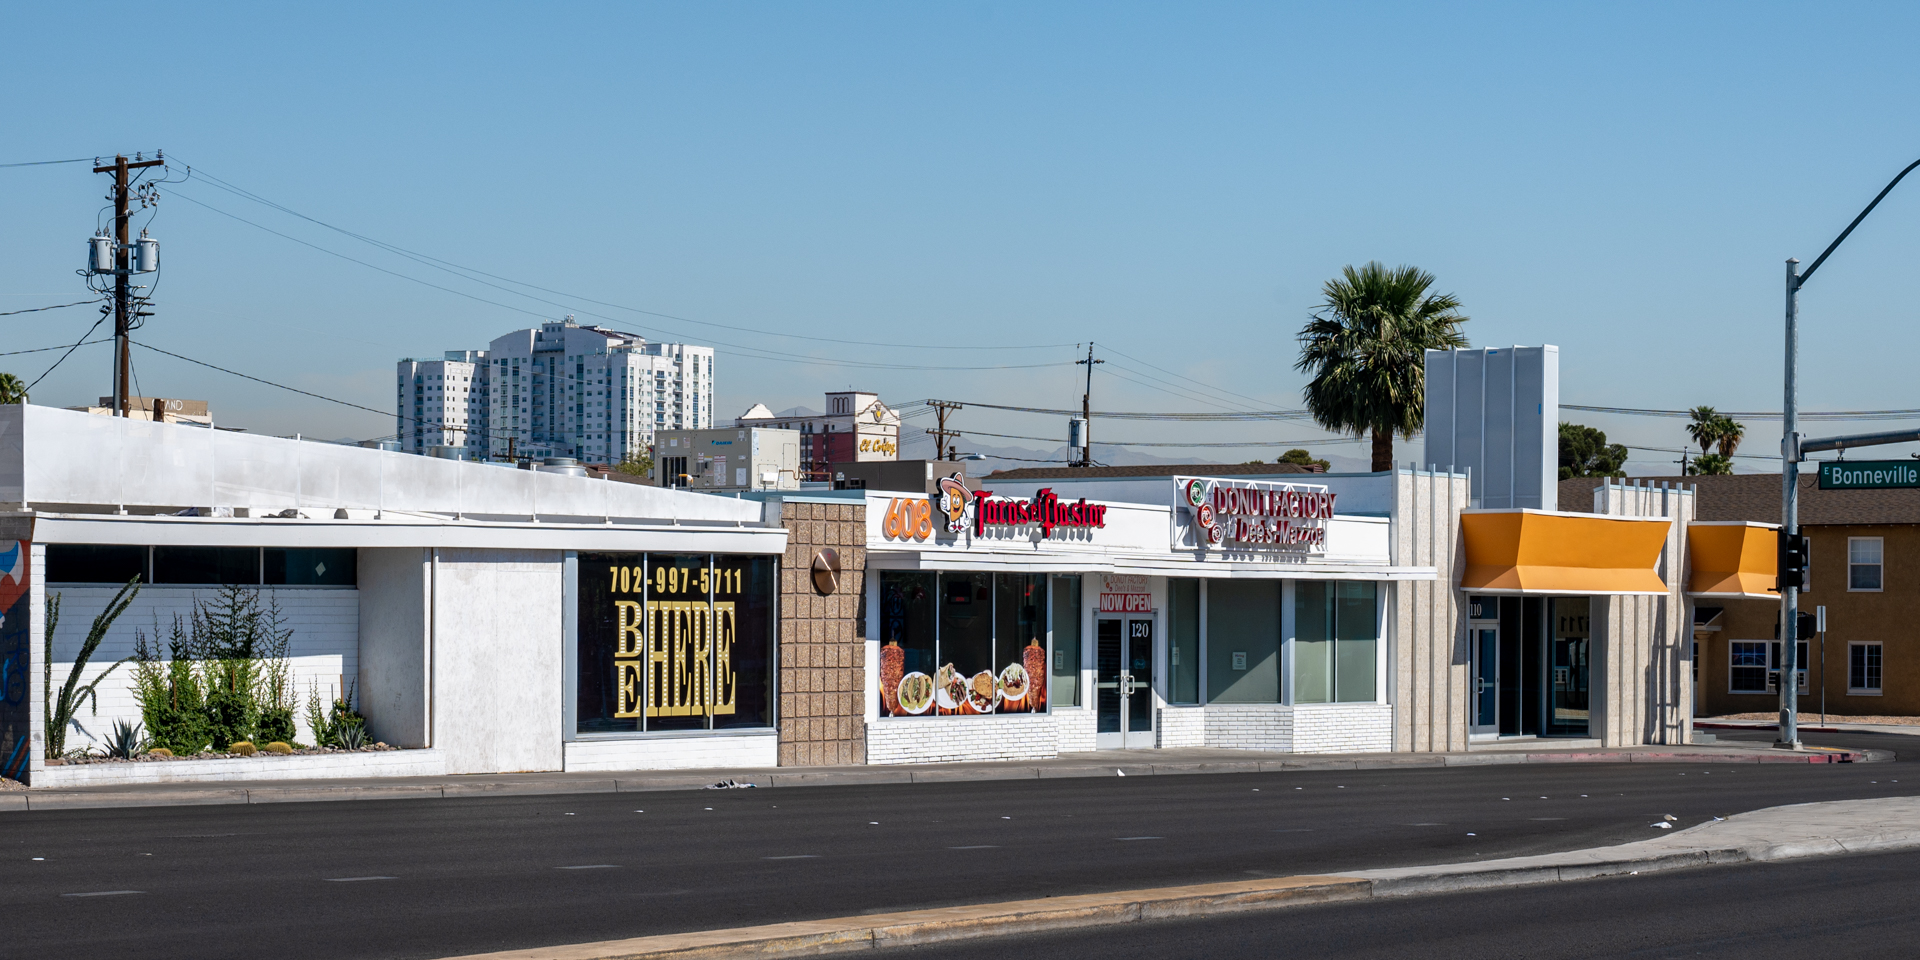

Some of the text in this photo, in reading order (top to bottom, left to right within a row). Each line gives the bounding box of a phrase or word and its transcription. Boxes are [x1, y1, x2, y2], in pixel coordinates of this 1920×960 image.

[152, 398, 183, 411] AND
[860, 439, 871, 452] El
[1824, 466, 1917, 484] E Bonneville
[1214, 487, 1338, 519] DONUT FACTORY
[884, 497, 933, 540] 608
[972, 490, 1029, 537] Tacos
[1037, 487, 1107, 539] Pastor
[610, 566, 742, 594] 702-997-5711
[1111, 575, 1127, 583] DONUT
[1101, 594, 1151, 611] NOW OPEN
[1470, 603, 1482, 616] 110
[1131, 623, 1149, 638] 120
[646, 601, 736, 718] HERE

════════════════

- [Task to complete]: All of the data needs repeating exactly, but the pictures do not.

- [Exercise solution]:
Some of the text in this photo, in reading order (top to bottom, left to right within a row). Each line gives the bounding box of a phrase or word and its transcription. Boxes are [x1, y1, x2, y2], in pixel coordinates of this 1920×960 image.

[152, 398, 183, 411] AND
[860, 439, 871, 452] El
[1824, 466, 1917, 484] E Bonneville
[1214, 487, 1338, 519] DONUT FACTORY
[884, 497, 933, 540] 608
[972, 490, 1029, 537] Tacos
[1037, 487, 1107, 539] Pastor
[610, 566, 742, 594] 702-997-5711
[1111, 575, 1127, 583] DONUT
[1101, 594, 1151, 611] NOW OPEN
[1470, 603, 1482, 616] 110
[1131, 623, 1149, 638] 120
[646, 601, 736, 718] HERE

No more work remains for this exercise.